* **What to do**
Print all the data that follows exactly, images excluded.
[[ Data for this exercise open ]]
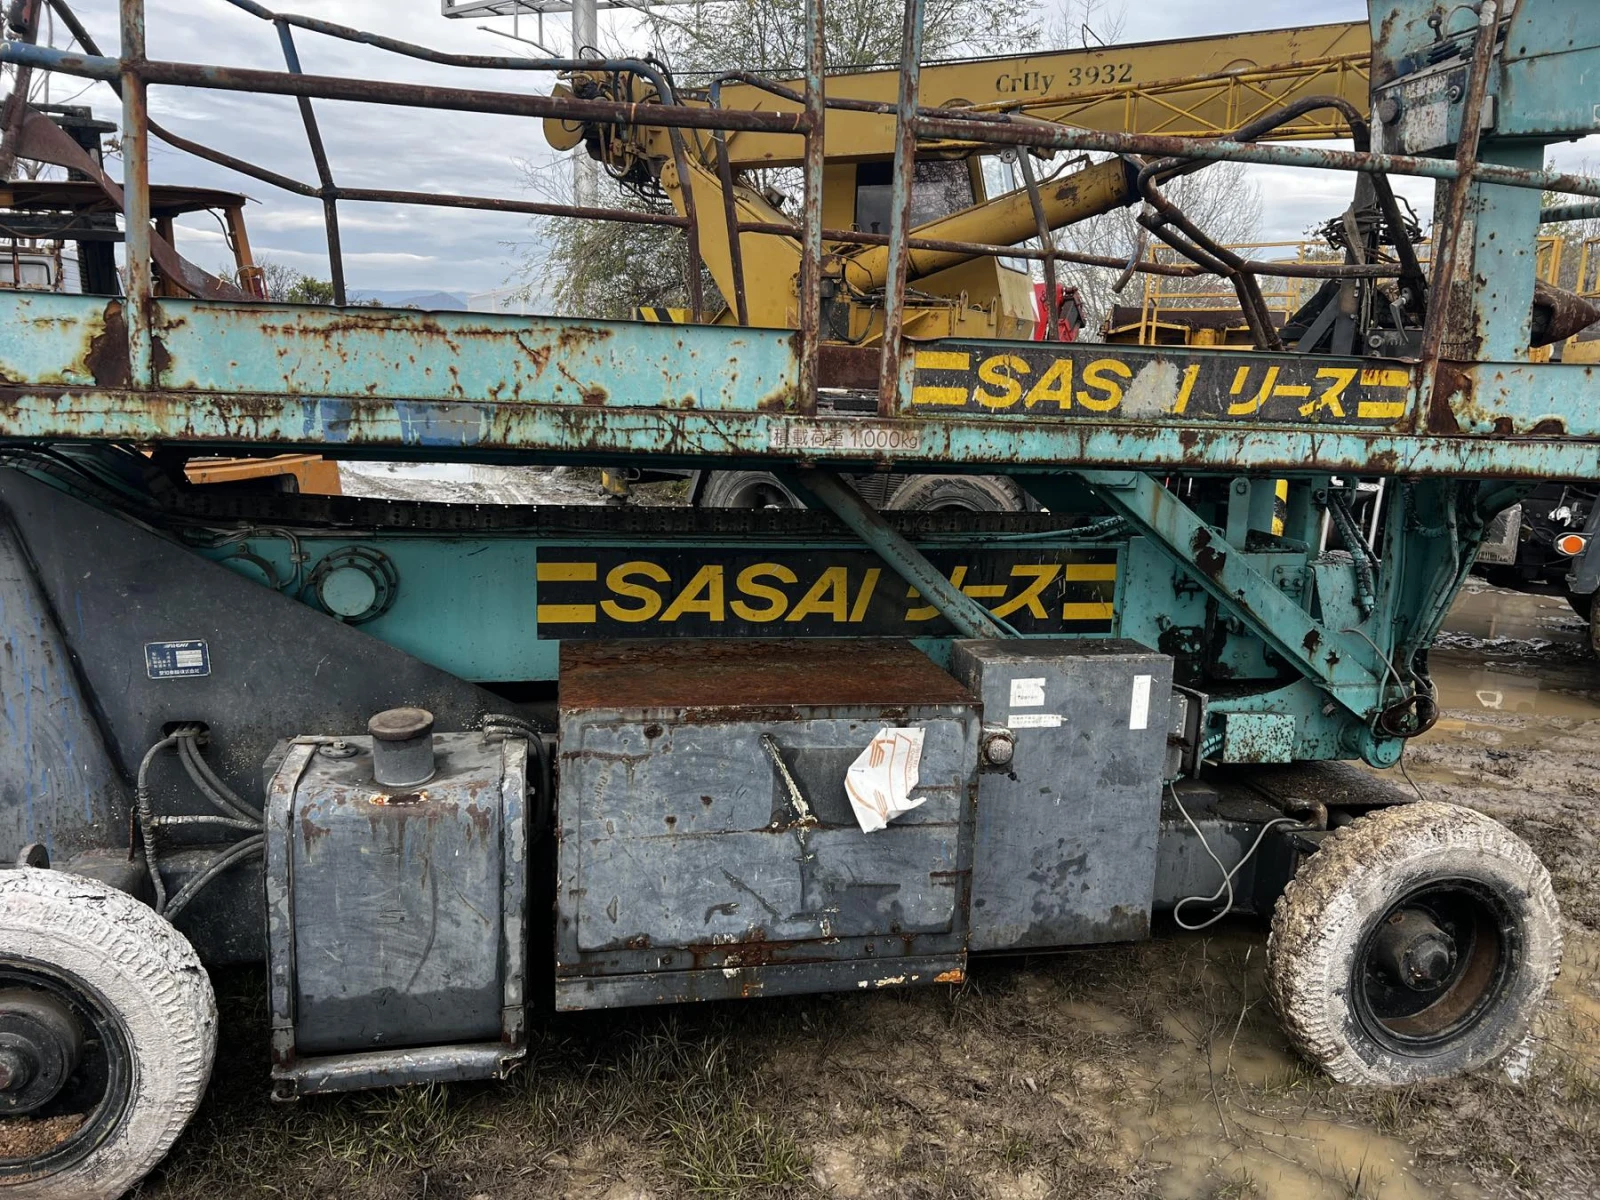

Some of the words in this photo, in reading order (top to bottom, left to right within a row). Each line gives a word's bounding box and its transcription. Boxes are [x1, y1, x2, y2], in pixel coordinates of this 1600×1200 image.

[1068, 63, 1133, 87] 3932
[974, 353, 1201, 415] SASI
[1227, 365, 1358, 419] リース
[600, 561, 881, 623] SASAI
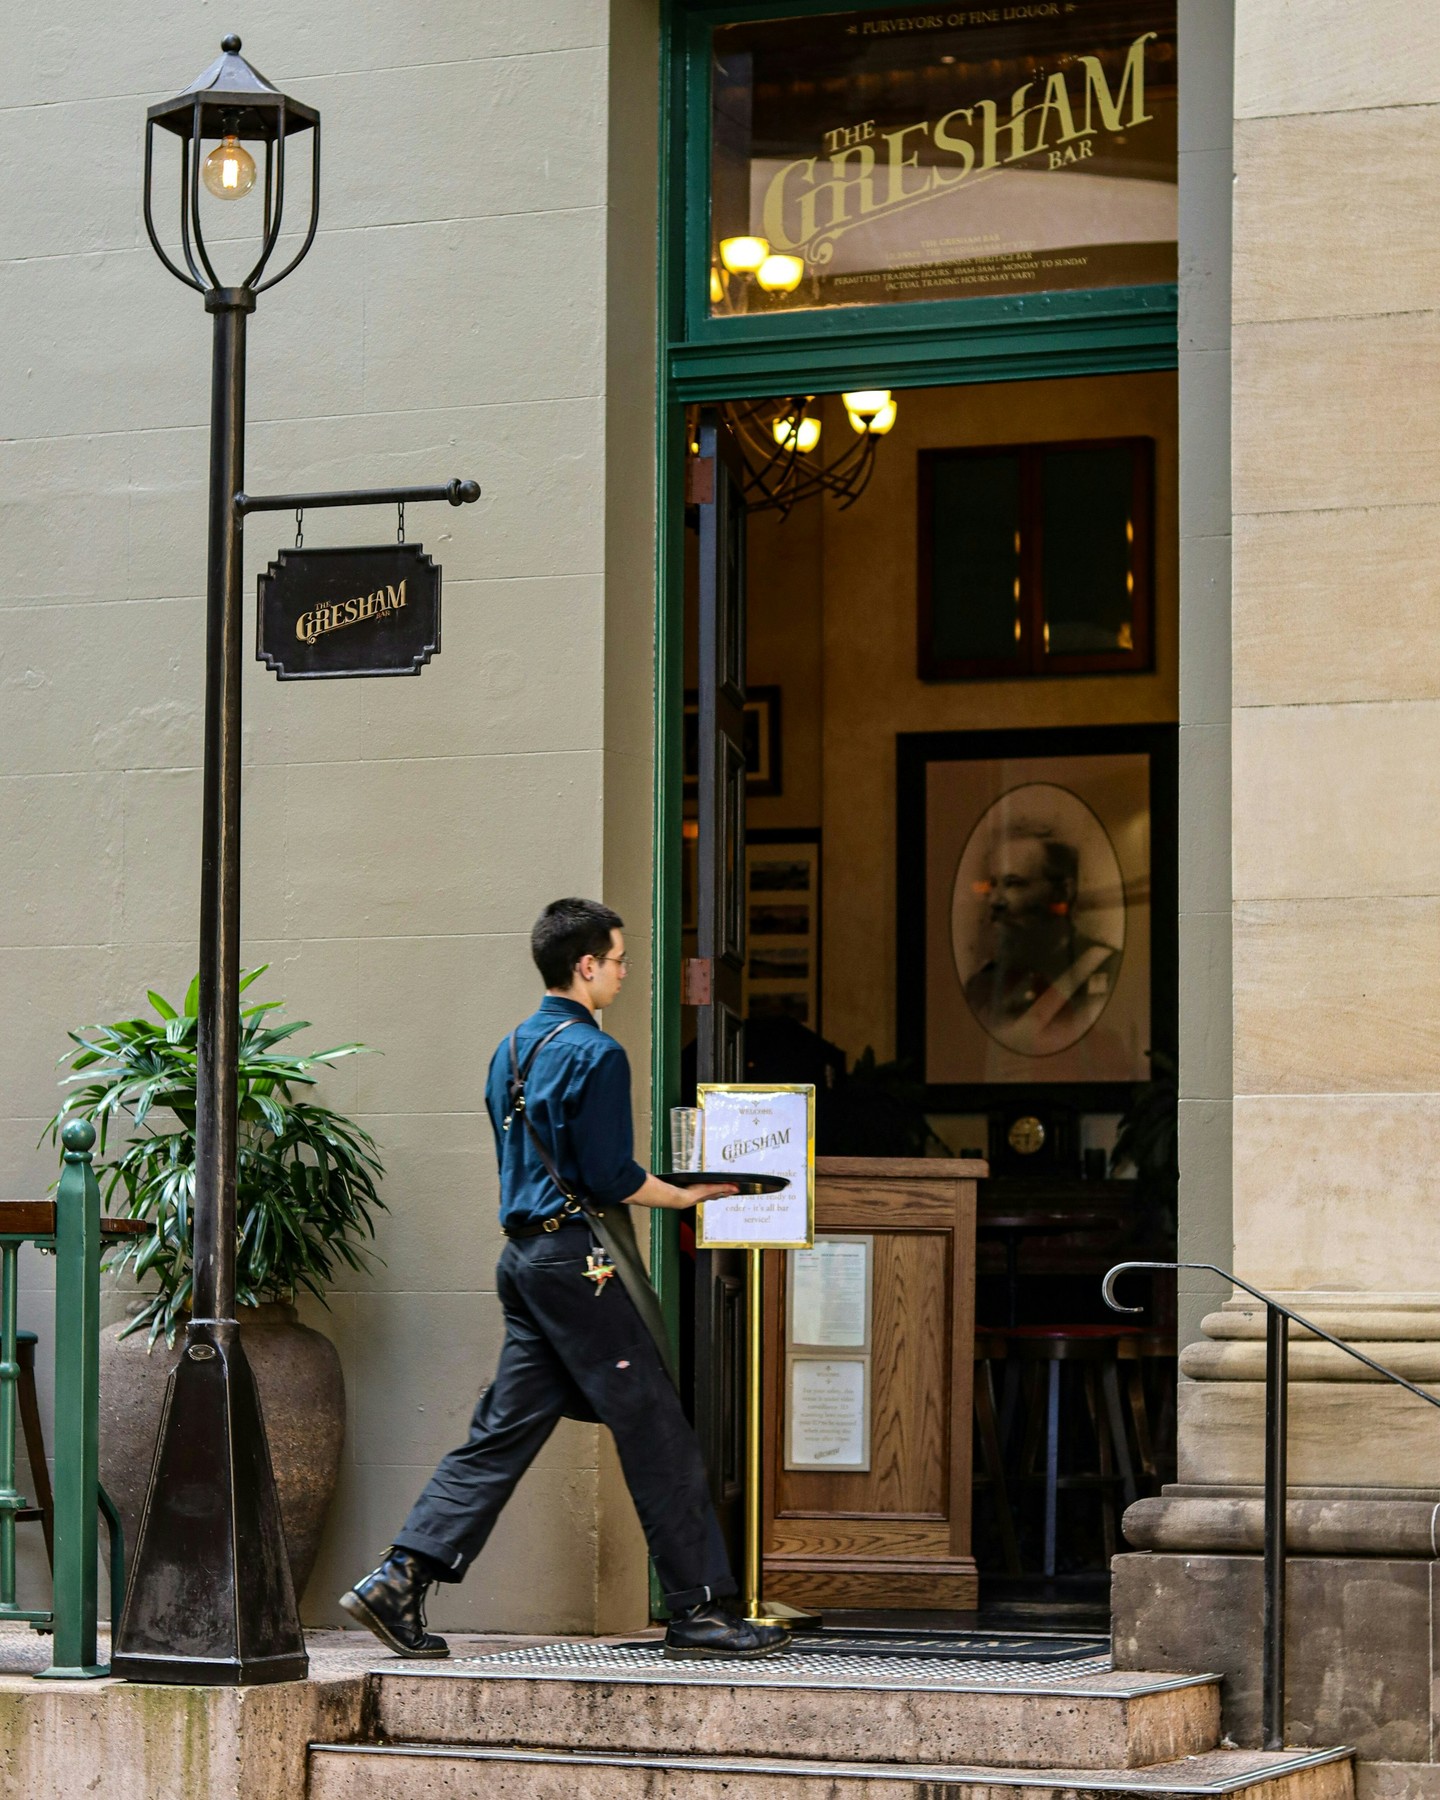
[[ Data for this exercise closed ]]
* **Answer box**
Some of the words in this photo, in reading order (top to bottom, left to right within a row). Each line gives a word's bounding box and its transcription. Boxes are [x1, y1, x2, y2], in pixel coordinates of this 1600×1200 image.

[1068, 63, 1133, 87] 3932
[974, 353, 1201, 415] SASI
[1227, 365, 1358, 419] リース
[600, 561, 881, 623] SASAI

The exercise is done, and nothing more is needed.